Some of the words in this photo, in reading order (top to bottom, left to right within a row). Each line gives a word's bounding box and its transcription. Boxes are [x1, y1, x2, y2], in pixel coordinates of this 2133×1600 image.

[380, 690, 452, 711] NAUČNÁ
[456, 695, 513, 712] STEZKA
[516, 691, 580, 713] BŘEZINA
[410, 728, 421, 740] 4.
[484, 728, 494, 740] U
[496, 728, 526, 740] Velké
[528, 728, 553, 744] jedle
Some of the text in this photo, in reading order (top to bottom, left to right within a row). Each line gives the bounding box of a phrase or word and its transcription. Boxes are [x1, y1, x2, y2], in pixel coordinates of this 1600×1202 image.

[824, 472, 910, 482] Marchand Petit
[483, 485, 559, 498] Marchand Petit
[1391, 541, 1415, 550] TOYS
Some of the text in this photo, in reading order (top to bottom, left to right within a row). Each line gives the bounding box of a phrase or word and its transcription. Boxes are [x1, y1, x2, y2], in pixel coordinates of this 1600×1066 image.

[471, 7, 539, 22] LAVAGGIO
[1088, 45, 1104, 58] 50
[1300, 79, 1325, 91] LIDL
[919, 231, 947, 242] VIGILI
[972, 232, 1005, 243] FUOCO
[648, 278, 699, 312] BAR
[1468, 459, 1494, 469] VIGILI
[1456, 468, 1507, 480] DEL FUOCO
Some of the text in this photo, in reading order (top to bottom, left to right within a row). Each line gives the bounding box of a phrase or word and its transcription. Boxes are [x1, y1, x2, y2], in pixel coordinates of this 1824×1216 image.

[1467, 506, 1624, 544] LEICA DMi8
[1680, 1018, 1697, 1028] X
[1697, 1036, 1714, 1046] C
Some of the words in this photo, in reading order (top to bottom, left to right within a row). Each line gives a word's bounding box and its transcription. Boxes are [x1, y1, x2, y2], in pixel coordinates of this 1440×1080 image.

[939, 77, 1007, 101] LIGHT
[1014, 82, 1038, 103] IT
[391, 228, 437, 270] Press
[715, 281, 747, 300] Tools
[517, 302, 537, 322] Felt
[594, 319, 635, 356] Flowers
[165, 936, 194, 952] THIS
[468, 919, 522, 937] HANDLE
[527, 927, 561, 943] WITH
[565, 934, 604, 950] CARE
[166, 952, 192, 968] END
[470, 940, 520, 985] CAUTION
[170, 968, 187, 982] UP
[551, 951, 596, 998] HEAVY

+ + + + +

## Instructions for the task
Write out every entry word for word.

## Result of this exercise
Some of the words in this photo, in reading order (top to bottom, left to right within a row). Each line gives a word's bounding box and its transcription. Boxes are [x1, y1, x2, y2], in pixel coordinates of this 2133×1600 image.

[380, 690, 452, 711] NAUČNÁ
[456, 695, 513, 712] STEZKA
[516, 691, 580, 713] BŘEZINA
[410, 728, 421, 740] 4.
[484, 728, 494, 740] U
[496, 728, 526, 740] Velké
[528, 728, 553, 744] jedle
Some of the text in this photo, in reading order (top to bottom, left to right within a row). Each line gives the bounding box of a phrase or word and its transcription. Boxes are [x1, y1, x2, y2], in pixel coordinates of this 1600×1202 image.

[824, 472, 910, 482] Marchand Petit
[483, 485, 559, 498] Marchand Petit
[1391, 541, 1415, 550] TOYS
Some of the text in this photo, in reading order (top to bottom, left to right within a row). Each line gives the bounding box of a phrase or word and its transcription. Boxes are [x1, y1, x2, y2], in pixel coordinates of this 1600×1066 image.

[471, 7, 539, 22] LAVAGGIO
[1088, 45, 1104, 58] 50
[1300, 79, 1325, 91] LIDL
[919, 231, 947, 242] VIGILI
[972, 232, 1005, 243] FUOCO
[648, 278, 699, 312] BAR
[1468, 459, 1494, 469] VIGILI
[1456, 468, 1507, 480] DEL FUOCO
Some of the text in this photo, in reading order (top to bottom, left to right within a row). Each line gives the bounding box of a phrase or word and its transcription. Boxes are [x1, y1, x2, y2], in pixel coordinates of this 1824×1216 image.

[1467, 506, 1624, 544] LEICA DMi8
[1680, 1018, 1697, 1028] X
[1697, 1036, 1714, 1046] C
Some of the words in this photo, in reading order (top to bottom, left to right within a row). Each line gives a word's bounding box and its transcription. Boxes are [x1, y1, x2, y2], in pixel coordinates of this 1440×1080 image.

[939, 77, 1007, 101] LIGHT
[1014, 82, 1038, 103] IT
[391, 228, 437, 270] Press
[715, 281, 747, 300] Tools
[517, 302, 537, 322] Felt
[594, 319, 635, 356] Flowers
[165, 936, 194, 952] THIS
[468, 919, 522, 937] HANDLE
[527, 927, 561, 943] WITH
[565, 934, 604, 950] CARE
[166, 952, 192, 968] END
[470, 940, 520, 985] CAUTION
[170, 968, 187, 982] UP
[551, 951, 596, 998] HEAVY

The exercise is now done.